Regional and international efforts to reduce both air pollution and CO2 emissions are increasing. For instance, China has implemented strict emission standards since 201545 and plans to increase the share of non-fossil power to 31% by 202046 to tackle the severe air pollution problem, and the Clean Power Plan in the US aims to reduce CO2 emissions by 32% in 2030 compared with 2005. Such efforts can contribute to international agreements on climate change. Our results can be applied not only to prioritize retrofits but to prioritize retirement and replacement of super-polluting power-generating units with non-emitting energy sources. In developing countries such as China, excess emissions were always a problem due to a lack of effective regulation enforcement23,47. Strengthened supervision systems should be developed and operated to avoid such undesirable emissions. In addition, there are still substantial disparities between the mean emission intensities in developed and developing countries (Supplementary Table 2), underscoring the potential of efforts to strengthen international collaboration and technology transfer to decrease the global impacts of air pollution48,49 and accelerate the transition to ‘clean’ and/or non-fossil sources of power in developing countries. In turn, such progress could avoid further ‘lock-in’ of fossil energy technologies in both developing and developed economies50,51.

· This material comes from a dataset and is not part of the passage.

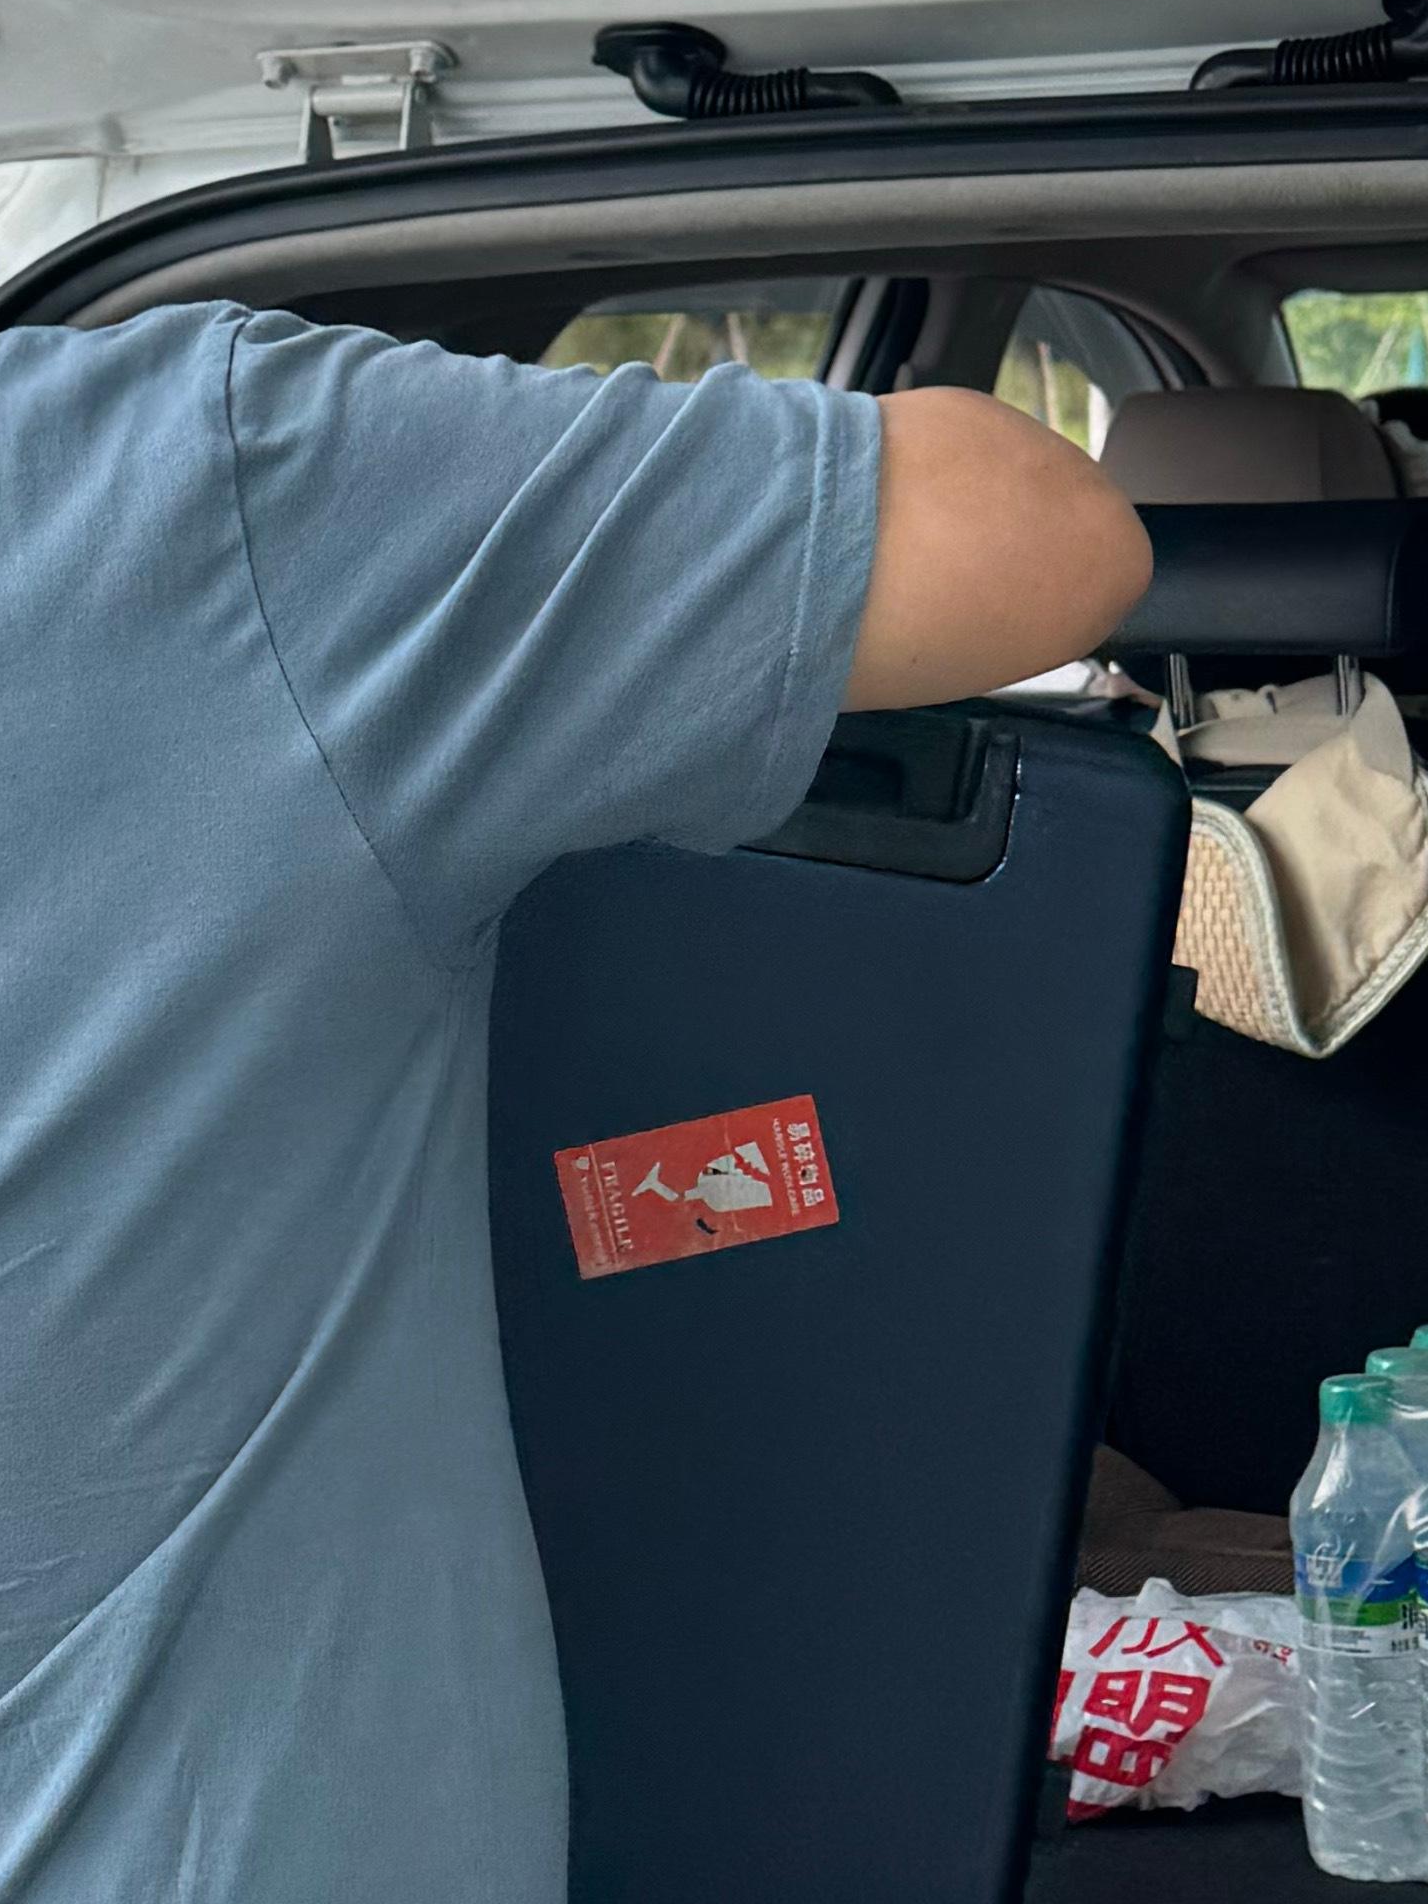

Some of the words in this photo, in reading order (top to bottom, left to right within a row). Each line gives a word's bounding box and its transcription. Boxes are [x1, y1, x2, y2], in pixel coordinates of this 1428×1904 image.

[601, 1161, 634, 1252] FRAGILE
[787, 1122, 825, 1207] 易碎物品

The GPED is subject to uncertainties and limitations. A detailed description of uncertainties is presented in the Supplementary Information. In summary, the average uncertainties of global emissions are estimated to be −14% to 15% for CO2, −20% to 21% for SO2, −26% to 27% for NO x , and −21% to 32% for PM2.5. Uncertainties of unit-level emissions vary among units and regions, with larger uncertainties for smaller units and developing regions due to incomplete information. GPED might be still incomplete because the World Electric Power Plant (WEPP) database may have omitted some small units6. More regional databases should be collected and incorporated in the future. The accuracy of GPED may vary regionally due to integration of regional datasets of differing data quality. Inter-comparison initiatives among different regions could help to narrow the gap. At present, GPED is only available for 2010 given that collecting underlying data is a challenging task. Building transparent data reporting systems in developing countries and continuous efforts under international collaboration frameworks could help to deliver more complete and reliable data. Our database will be updated and improved in the future as more and better data become available.


Global Power Emissions Database

GPED encompasses 231 countries or regions (aggregated into nine world regions for this study; Supplementary Fig. 1) and all generating units that burn coal, oil, natural gas, biomass or other fuels (65 specific fuel types; further details about fuels included in these five categories are shown in Supplementary Table 3).

There are a few databases of global power plants available for CO2 emissions, for example, the Carbon Monitoring for Action (CARMA) database8 and an improved version of the Fossil Fuel Data Assimilation System (FFDAS) database31. CARMA has been widely used in bottom-up emission inventories to allocate power plant emissions6, which estimated plant-level CO2 emissions for 2004, 2009 and the ‘future’ by using the commercially available Platt’s WEPP database36. A regression model was used in CARMA for predicting the capacity factor, heat rate, and CO2 emission factor of each power plant, and then calculating CO2 emissions based on these inputs8. An update of FFDAS utilizes an updated and improved global power plant emission data product that includes improved location information and individual power plant uncertainties31, which uses data from both public disclosure data and the WEPP database.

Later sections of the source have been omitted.